**Directions**
Print out the data below in full and exactly, skipping the pictures.

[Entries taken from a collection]
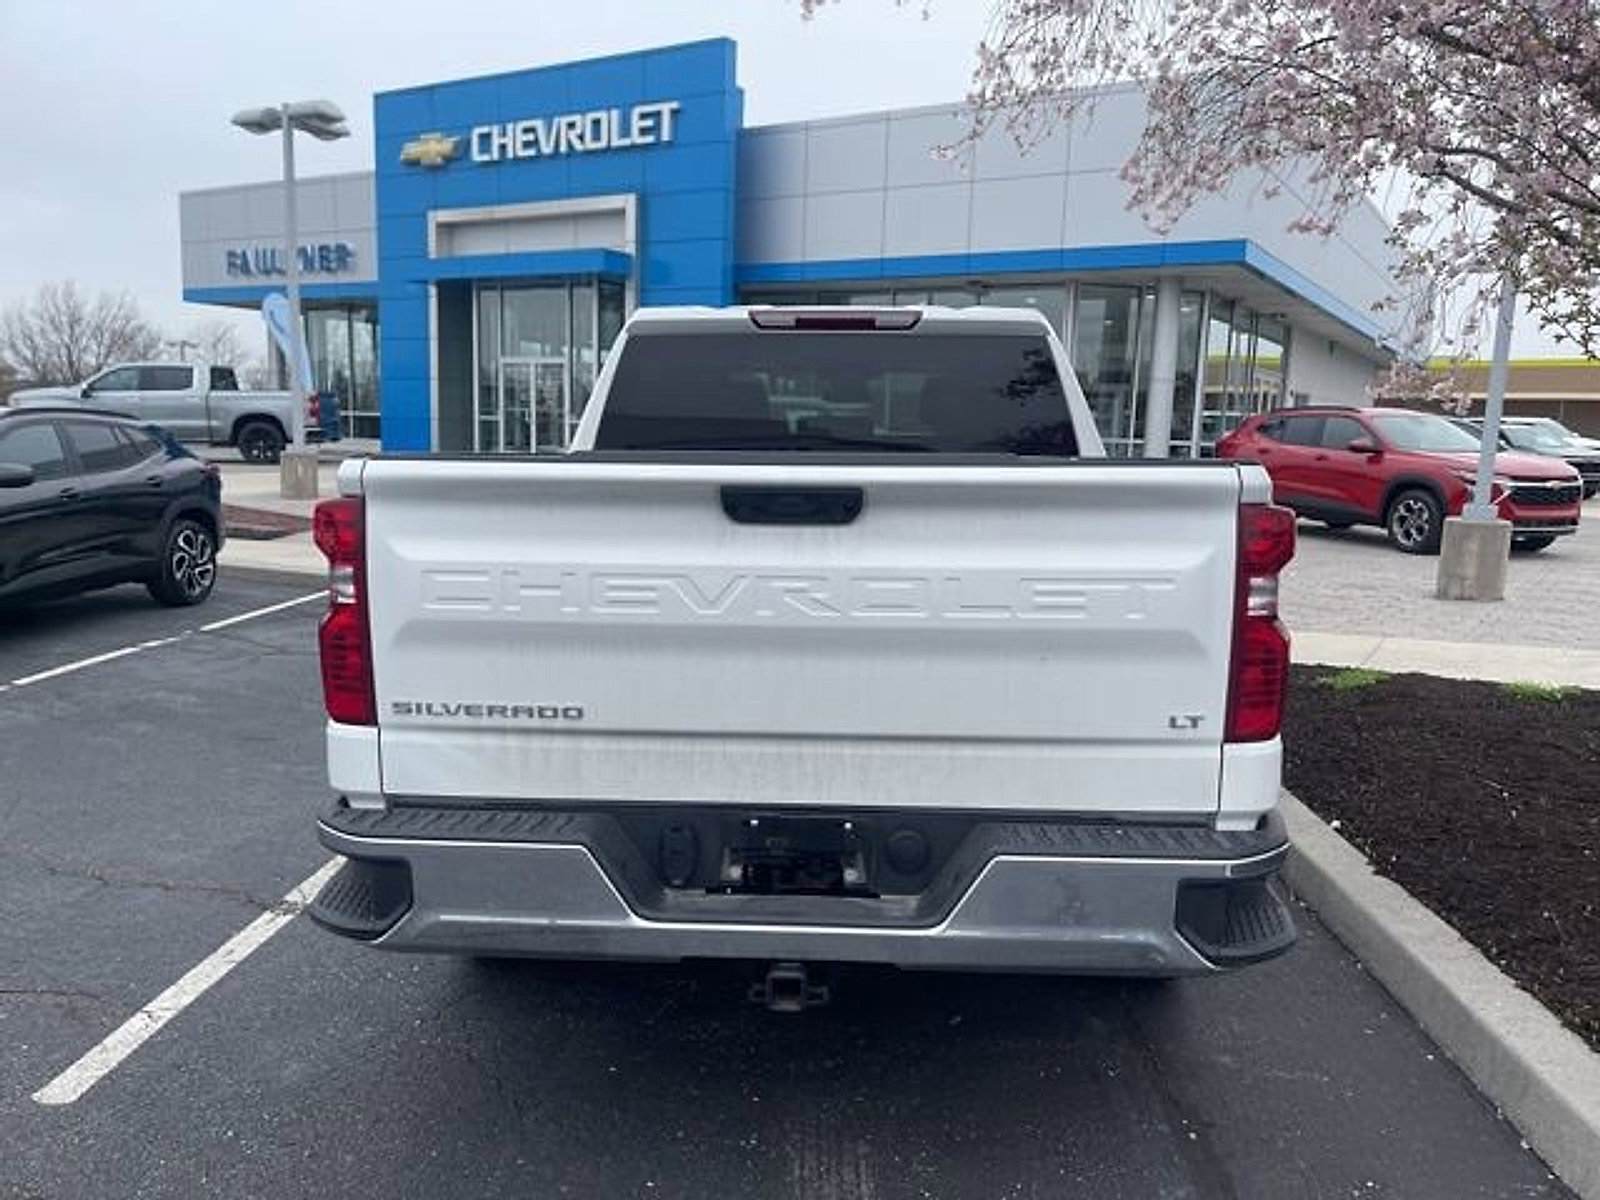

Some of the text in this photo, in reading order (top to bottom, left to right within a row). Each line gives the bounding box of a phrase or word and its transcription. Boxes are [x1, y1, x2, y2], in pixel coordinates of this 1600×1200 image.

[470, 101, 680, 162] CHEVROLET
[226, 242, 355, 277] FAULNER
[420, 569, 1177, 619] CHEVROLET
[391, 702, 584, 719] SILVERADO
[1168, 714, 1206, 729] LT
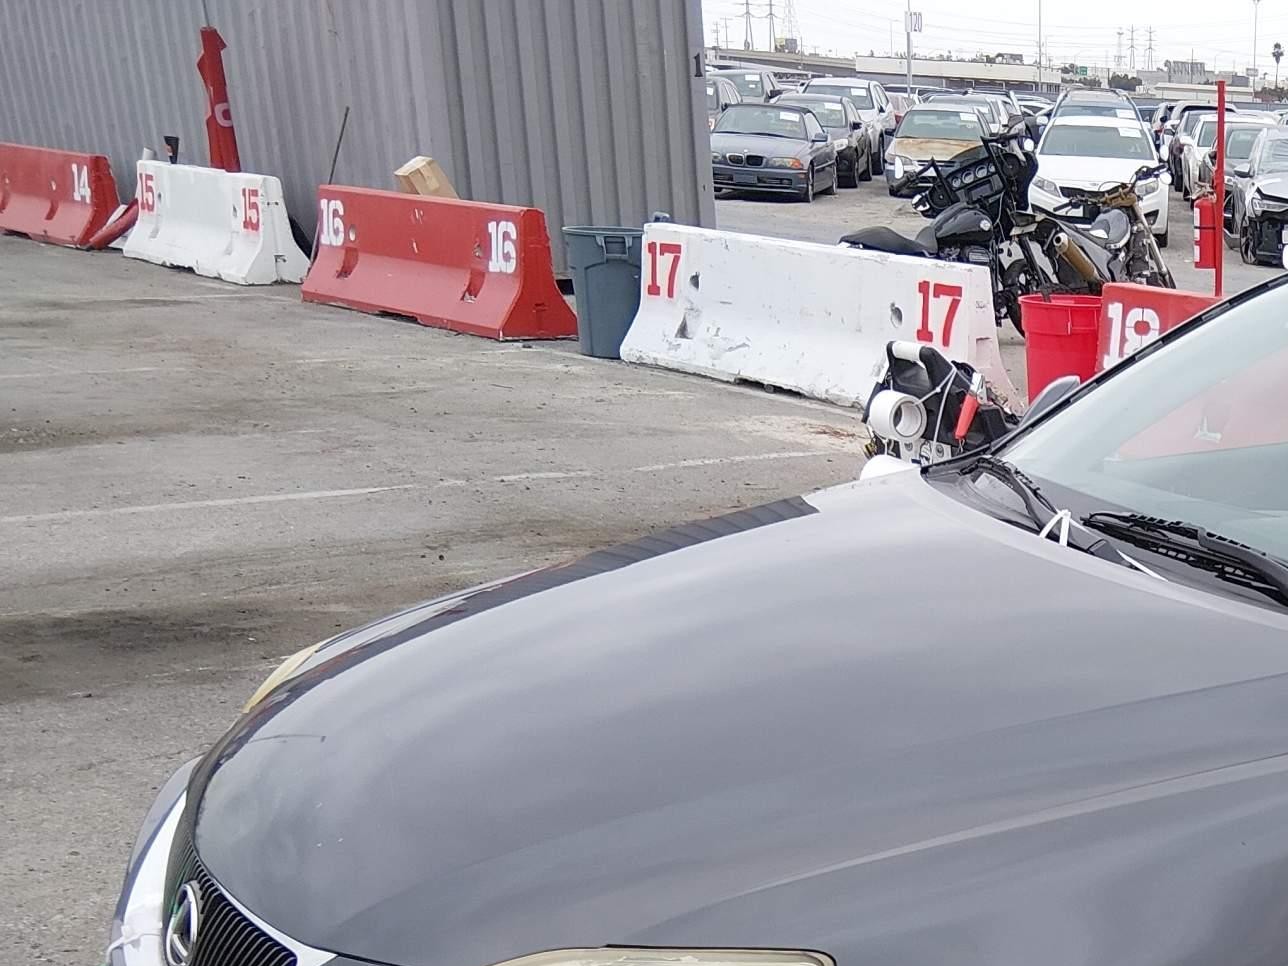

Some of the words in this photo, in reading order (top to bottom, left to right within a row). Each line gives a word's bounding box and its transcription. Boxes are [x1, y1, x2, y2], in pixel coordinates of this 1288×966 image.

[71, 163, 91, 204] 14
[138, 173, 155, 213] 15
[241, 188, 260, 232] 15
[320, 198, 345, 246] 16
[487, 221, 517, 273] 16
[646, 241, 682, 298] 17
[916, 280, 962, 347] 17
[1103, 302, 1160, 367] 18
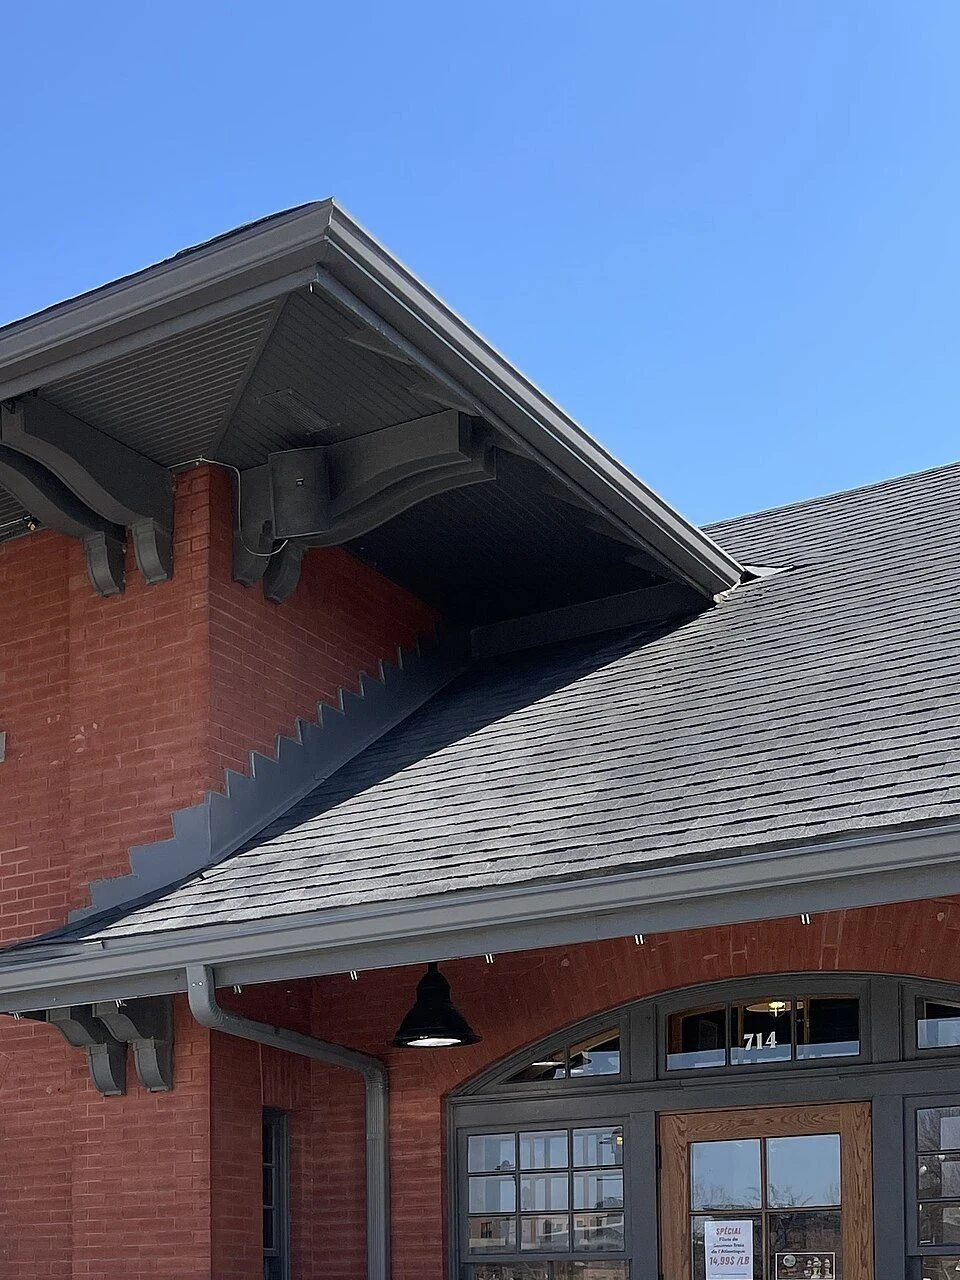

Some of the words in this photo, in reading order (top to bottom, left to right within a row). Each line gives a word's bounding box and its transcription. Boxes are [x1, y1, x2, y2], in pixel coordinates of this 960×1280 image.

**Solution to this exercise**
Some of the text in this photo, in reading order (top to bottom, left to right within a row). Each line gives the bounding box of a phrase or word and its transcription. Boxes are [x1, y1, x2, y2], in pixel coordinates of this 1600×1200 image.

[470, 101, 680, 162] CHEVROLET
[226, 242, 355, 277] FAULNER
[420, 569, 1177, 619] CHEVROLET
[391, 702, 584, 719] SILVERADO
[1168, 714, 1206, 729] LT

Some of the words in this photo, in reading order (top to bottom, left to right within a row). Each line gives a word's bounding box and its transcription. Boxes are [x1, y1, x2, y2], in pixel coordinates of this 1288×966 image.

[71, 163, 91, 204] 14
[138, 173, 155, 213] 15
[241, 188, 260, 232] 15
[320, 198, 345, 246] 16
[487, 221, 517, 273] 16
[646, 241, 682, 298] 17
[916, 280, 962, 347] 17
[1103, 302, 1160, 367] 18

Some of the words in this photo, in reading order (top to bottom, left to right within a row). Each line gives a word's bounding box and its transcription. Boxes are [x1, y1, x2, y2], in pixel coordinates of this 960×1280 image.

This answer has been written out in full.